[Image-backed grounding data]
--

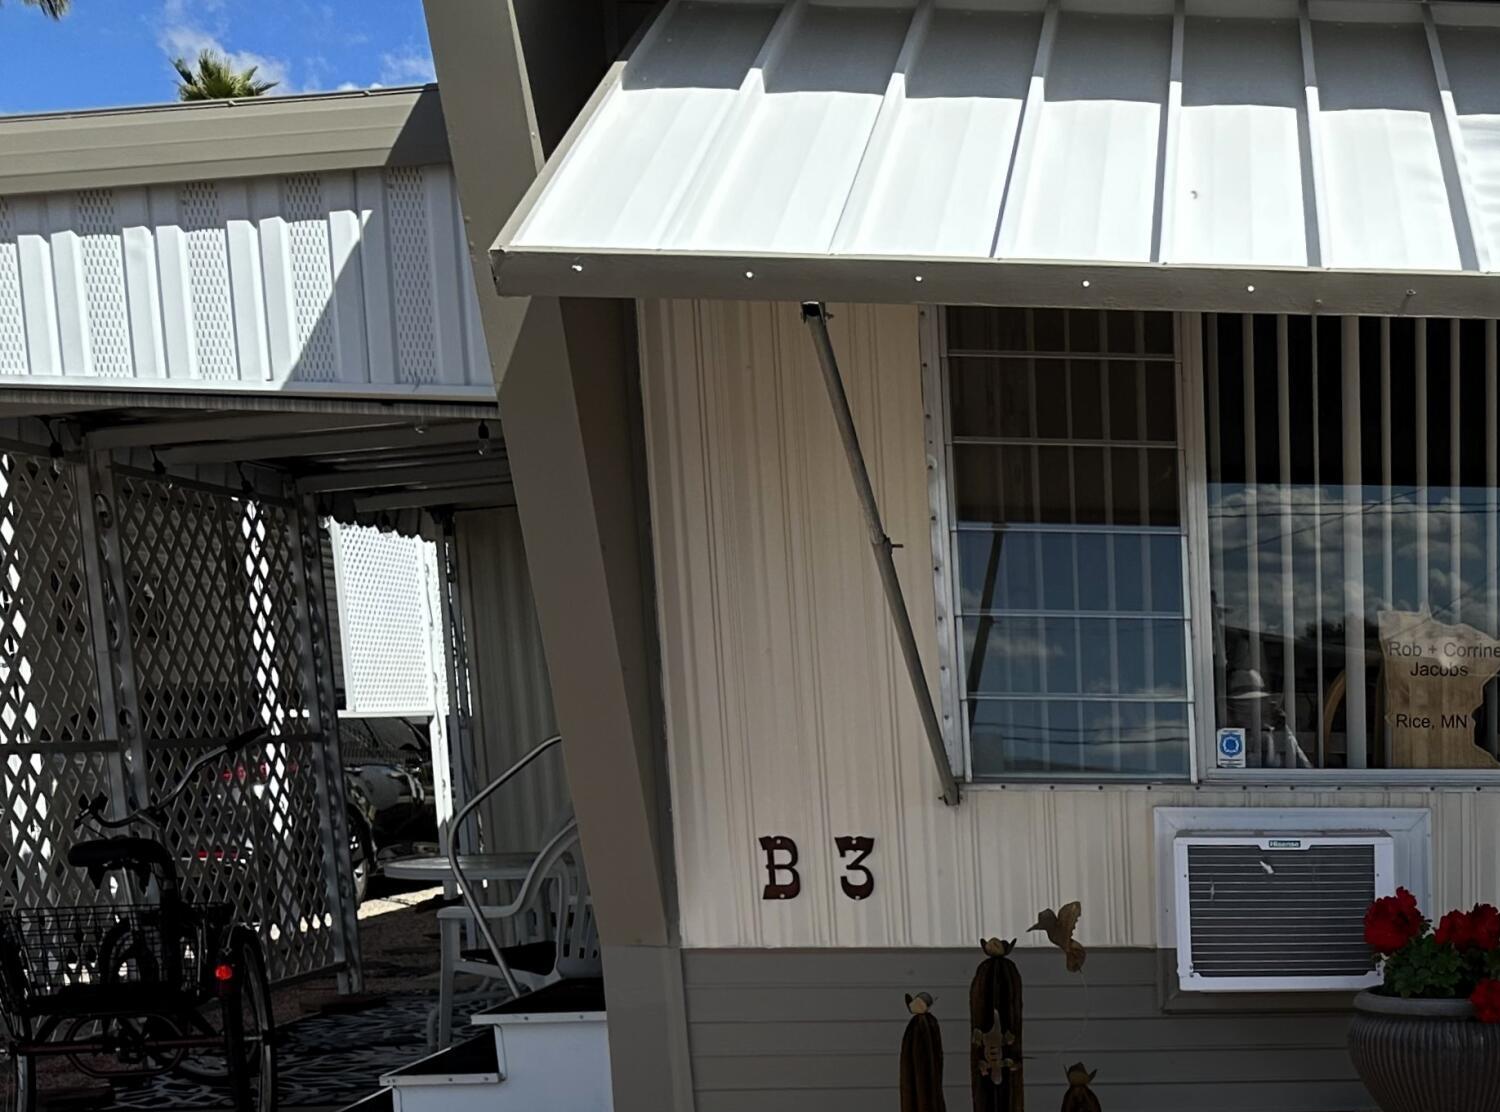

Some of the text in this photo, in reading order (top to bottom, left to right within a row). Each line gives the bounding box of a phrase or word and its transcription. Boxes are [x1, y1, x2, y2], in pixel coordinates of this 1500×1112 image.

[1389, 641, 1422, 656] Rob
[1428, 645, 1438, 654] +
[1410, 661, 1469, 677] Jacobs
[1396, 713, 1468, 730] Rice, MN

--

(Problem statement) Leaving the pictures aside, give back all the records exactly as they are.

(Written solution)
Some of the text in this photo, in reading order (top to bottom, left to right within a row). Each line gives the bounding box of a phrase or word and its transcription. Boxes are [x1, y1, x2, y2], in pixel coordinates of this 1500×1112 image.

[1389, 641, 1422, 656] Rob
[1428, 645, 1438, 654] +
[1410, 661, 1469, 677] Jacobs
[1396, 713, 1468, 730] Rice, MN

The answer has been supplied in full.